Nel MOSFET, transistor metallo-ossido-semiconduttore a effetto di campo, questa relazione diventa la struttura stessa del dispositivo. Mohamed Atalla e Dawon Kahng mostrarono ai Bell Labs un transistor a gate isolato funzionante: un elettrodo di controllo separato dal silicio da uno strato isolante, storicamente biossido di silicio. Applicando una tensione al gate, il campo elettrico modifica la conduzione nel canale sottostante tra source e drain. La corrente viene regolata attraverso l’isolante, senza contatto diretto tra gate e canale. La logica digitale moderna ha moltiplicato questo principio in miliardi di dispositivi miniaturizzati su una stessa fetta di silicio.
Il chip combina quindi due chimiche del silicio. La prima è quella del cristallo semiconduttore: reticolo ordinato, drogaggio, giunzioni, canali di conduzione. La seconda è quella dell’ossido: SiO₂ stabile, aderente, isolante, capace di separare elettricamente e proteggere superfici.

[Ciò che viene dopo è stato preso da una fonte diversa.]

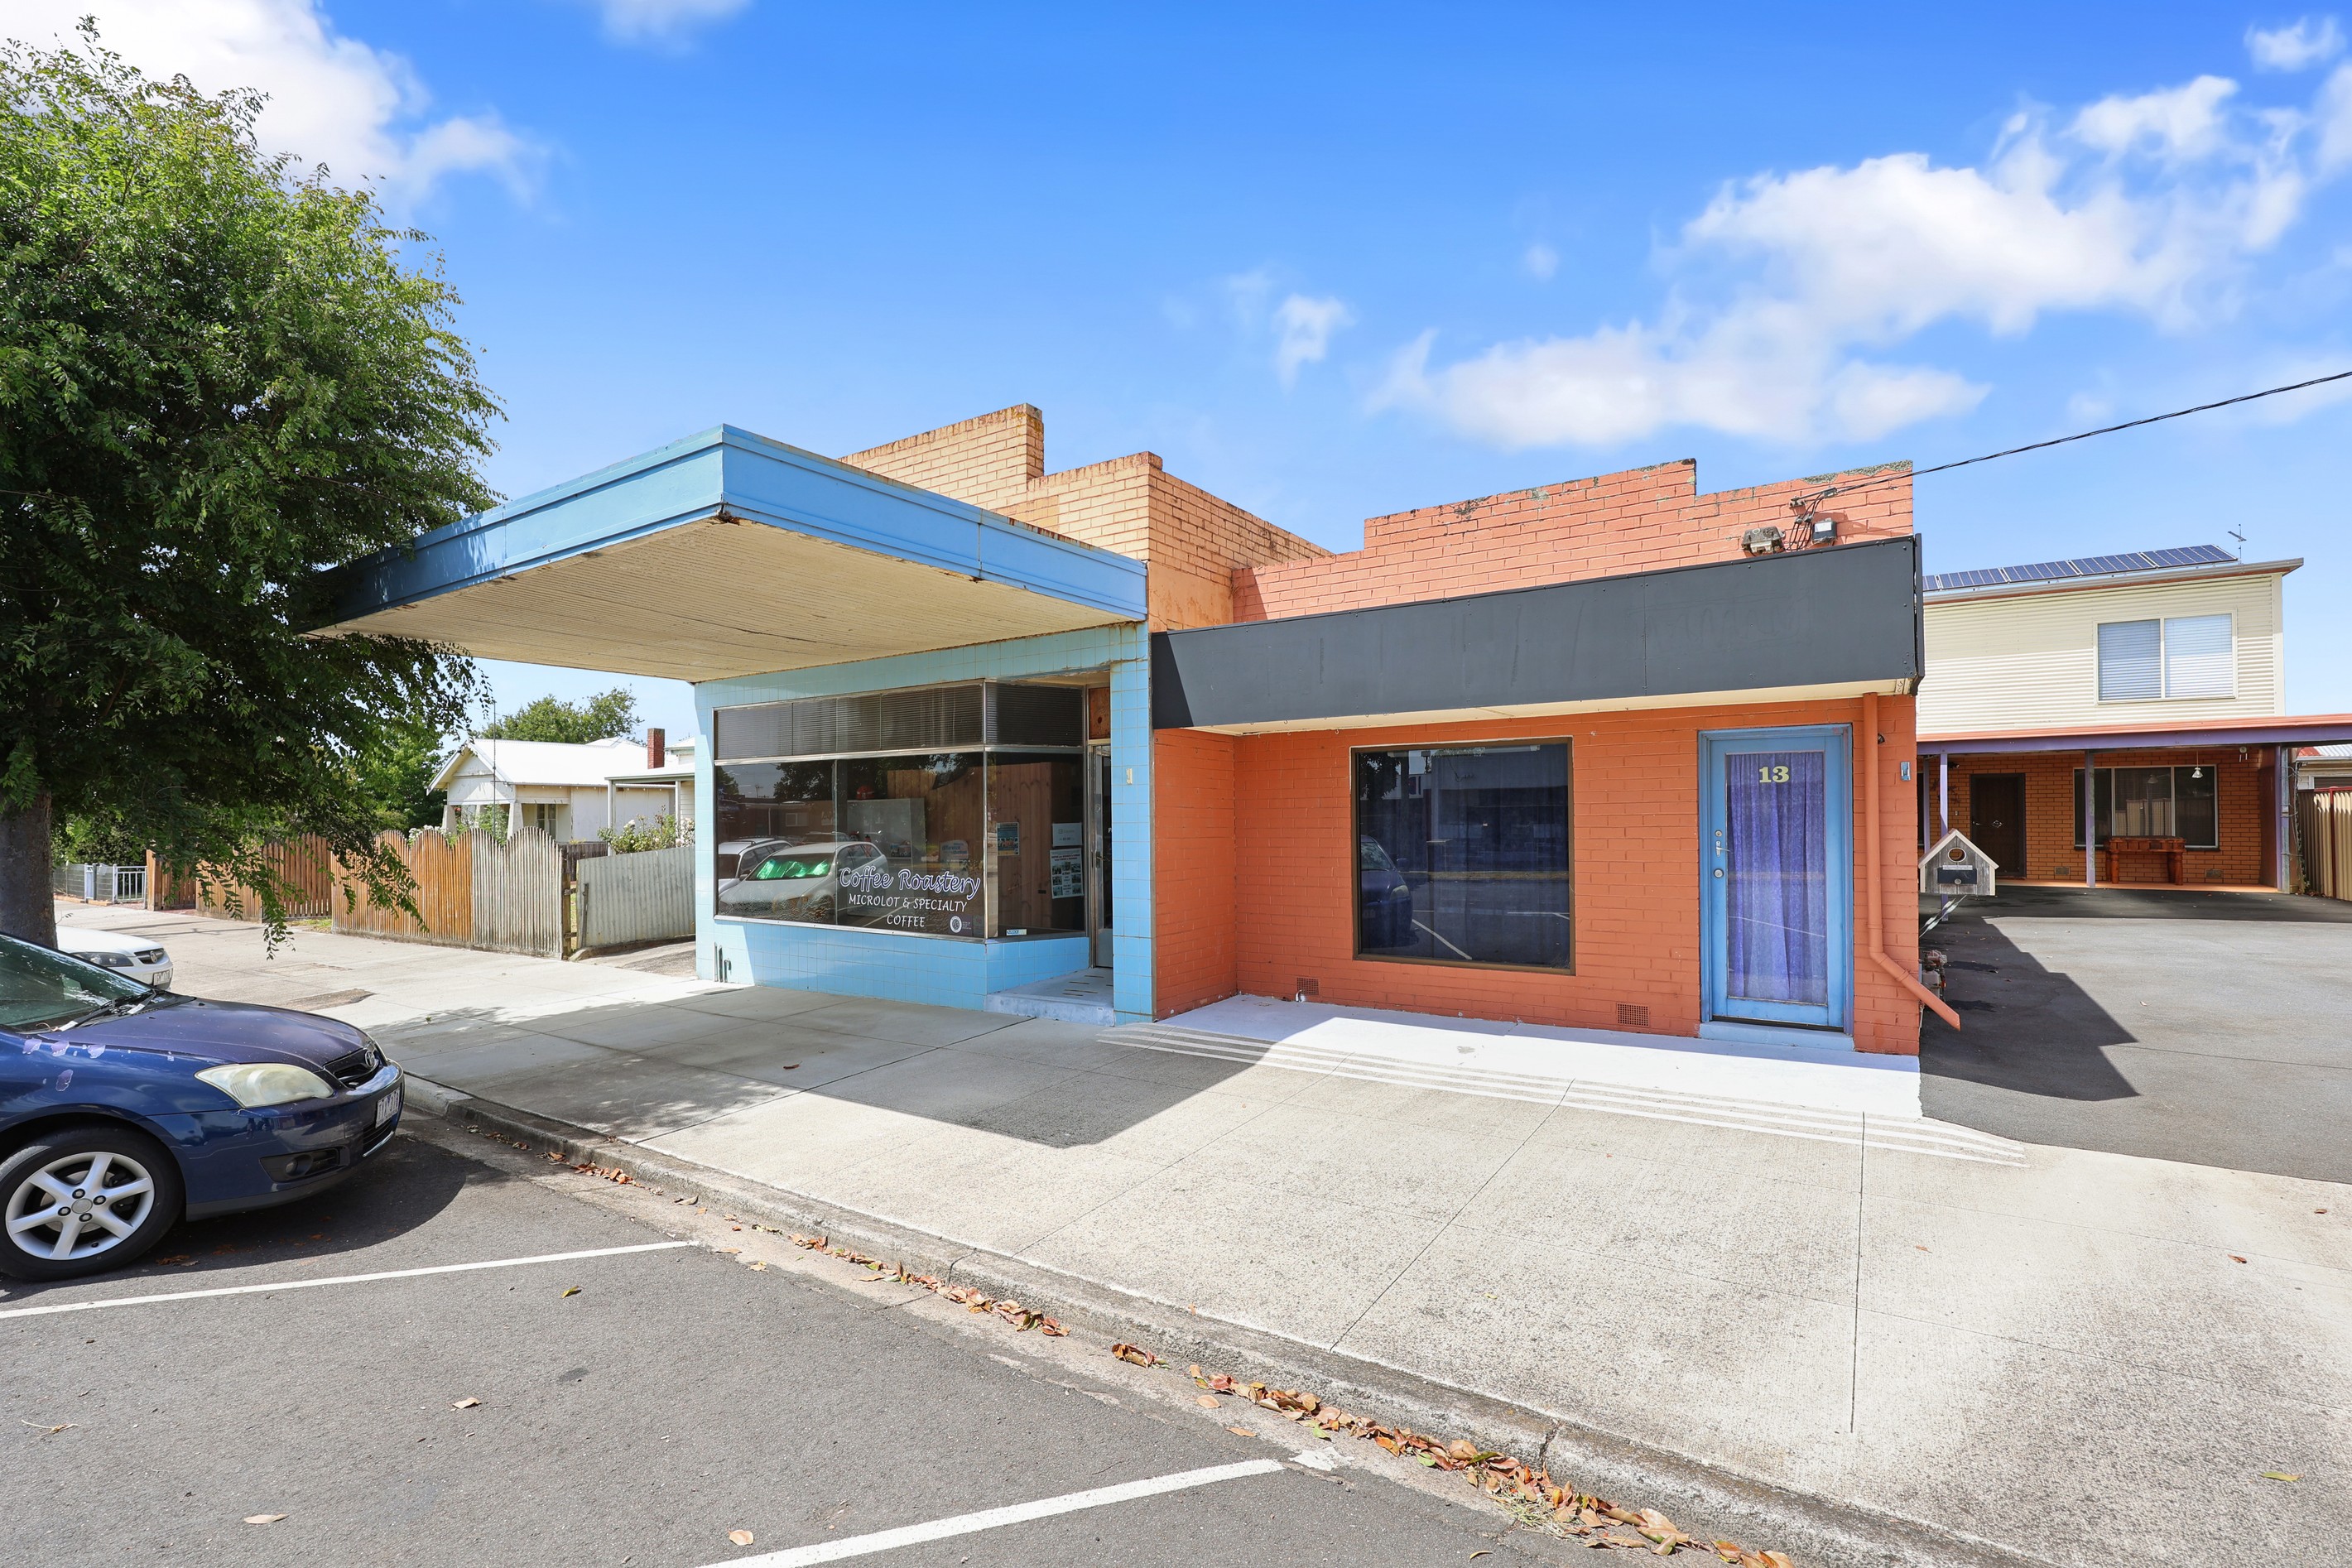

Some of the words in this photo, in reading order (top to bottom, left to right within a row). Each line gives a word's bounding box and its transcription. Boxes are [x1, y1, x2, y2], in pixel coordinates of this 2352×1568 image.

[1759, 766, 1789, 783] 13
[839, 865, 894, 892] Coffee
[898, 869, 980, 900] Roastery
[849, 893, 899, 907] MICROLOT
[902, 898, 911, 909] &
[913, 898, 967, 912] SPECIALTY
[887, 914, 925, 927] COFFEE
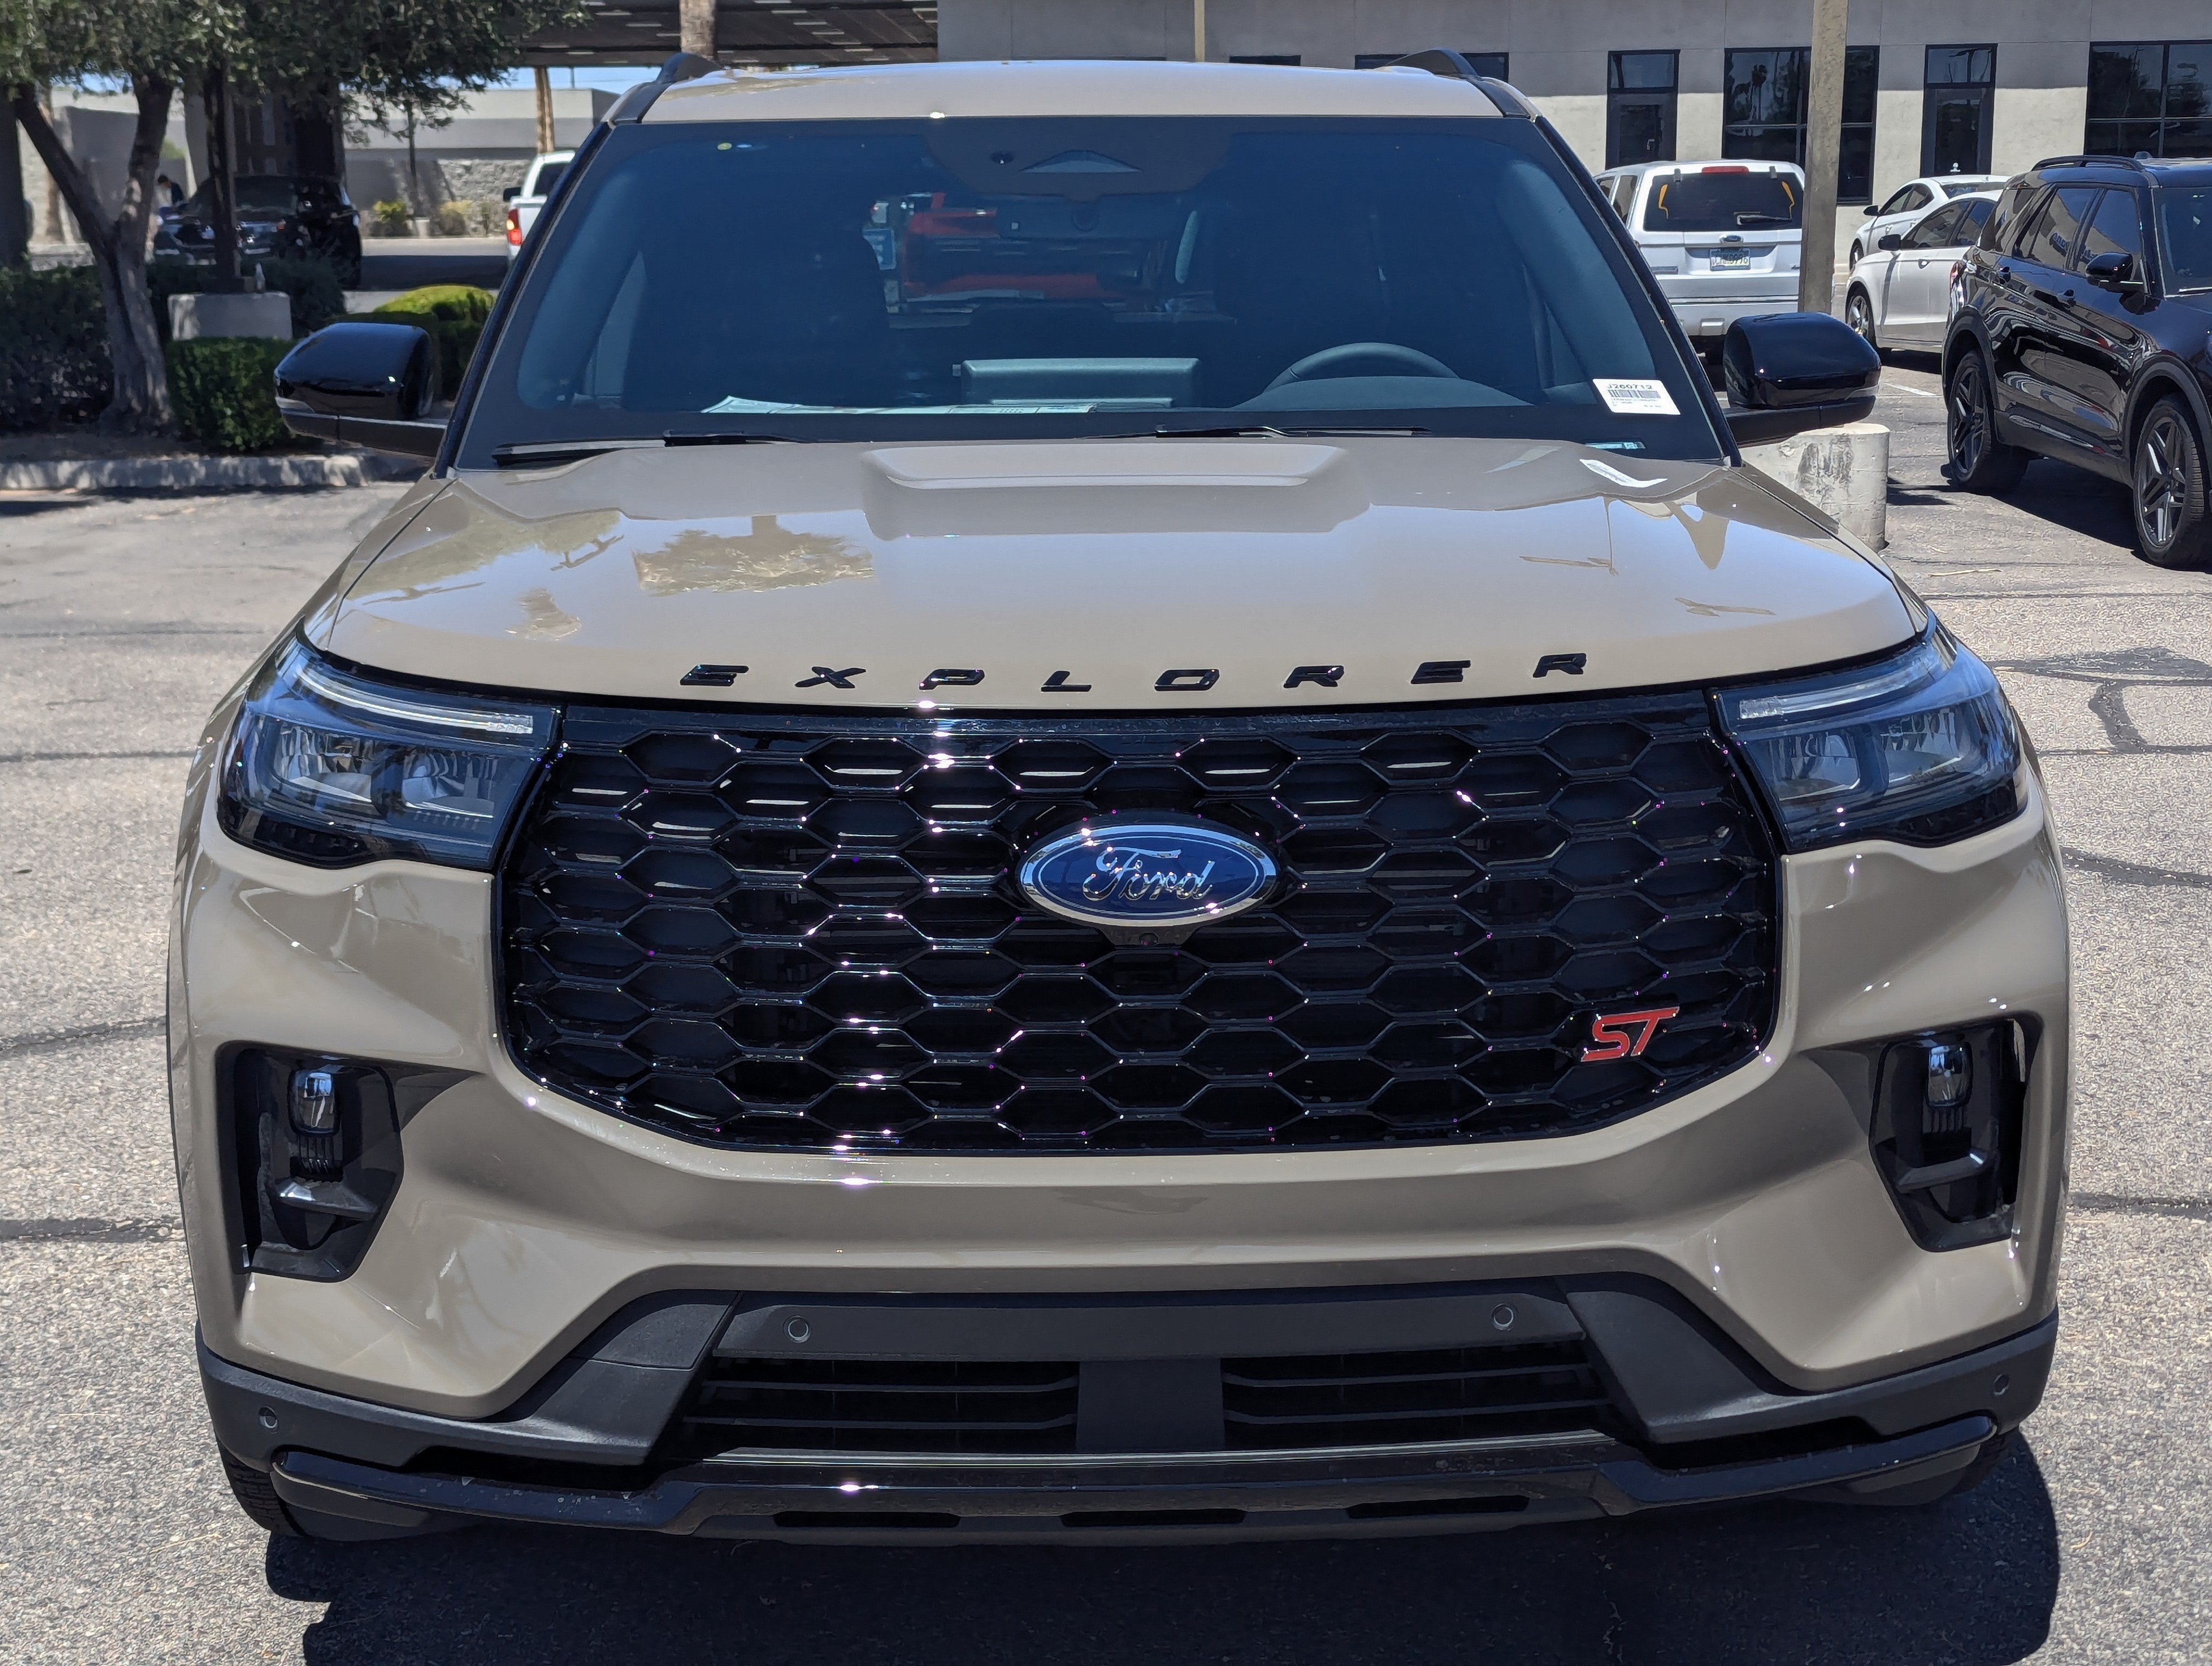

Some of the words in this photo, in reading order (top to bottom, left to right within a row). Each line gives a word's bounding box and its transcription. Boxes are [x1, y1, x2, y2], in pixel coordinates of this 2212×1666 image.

[680, 652, 1587, 692] EXPLORER
[1082, 847, 1215, 900] Ford
[1580, 1006, 1680, 1062] ST

10. La forma come funzione
Nei silicati della crosta, il legame Si–O costruisce tetraedri, catene, fogli, reticoli: strutture abbastanza stabili da formare rocce, sabbie, argille, suoli. L’acqua ne libera lentamente acido silicico; sulle superfici argillose, cariche e spazi lamellari concentrano molecole organiche e ne cambiano le possibilità di reazione. Nelle cellule, quel precursore solubile torna solido: le diatomee ne fanno frustule perforate, le spugne spicole ordinate attorno a filamenti proteici, le piante fitoliti incorporati nei tessuti. Portata in un vetro naturale, la rete silicea dà all’ossidiana una frattura regolare e margini taglienti; modificata con soda e calce, diventa vetro lavorabile, recipiente, lastra, finestra; levigata in superfici curve, diventa lente e trasforma la traiettoria dei raggi luminosi; separata dall’ossigeno, purificata in cristallo, drogata e poi ricoperta di nuovo dal suo ossido, diventa transistor.
Il silicio non è diventato una delle grandi biomolecole della vita terrestre: non ha costruito il codice genetico, non ha formato proteine, non ha preso il posto del carbonio nei polimeri centrali del metabolismo. È stato reclutato come materiale. La sua utilità biologica e tecnica nasce dalla possibilità di controllarne stato, superficie, ordine atomico, purezza, idratazione, frattura, trasparenza, rifrazione, conducibilità, isolamento. Una diatomea e un microprocessore appartengono a mondi lontanissimi, ma in entrambi i casi la funzione dipende da una geometria: pori in una parete minerale, regioni drogate in un cristallo, ossido isolante su una superficie.
Il silicio mostra che una proprietà chimica diventa tecnologia quando viene trasformata in forma controllata. Tagliare, proteggere, sostenere, contenere, illuminare, rifrangere, isolare, modulare corrente: ogni verbo corrisponde a una struttura. Pochi legami atomici, organizzati su scale diverse, hanno prodotto alcune delle forme più decisive attraverso cui la materia è entrata nella storia degli organismi e dell’uomo.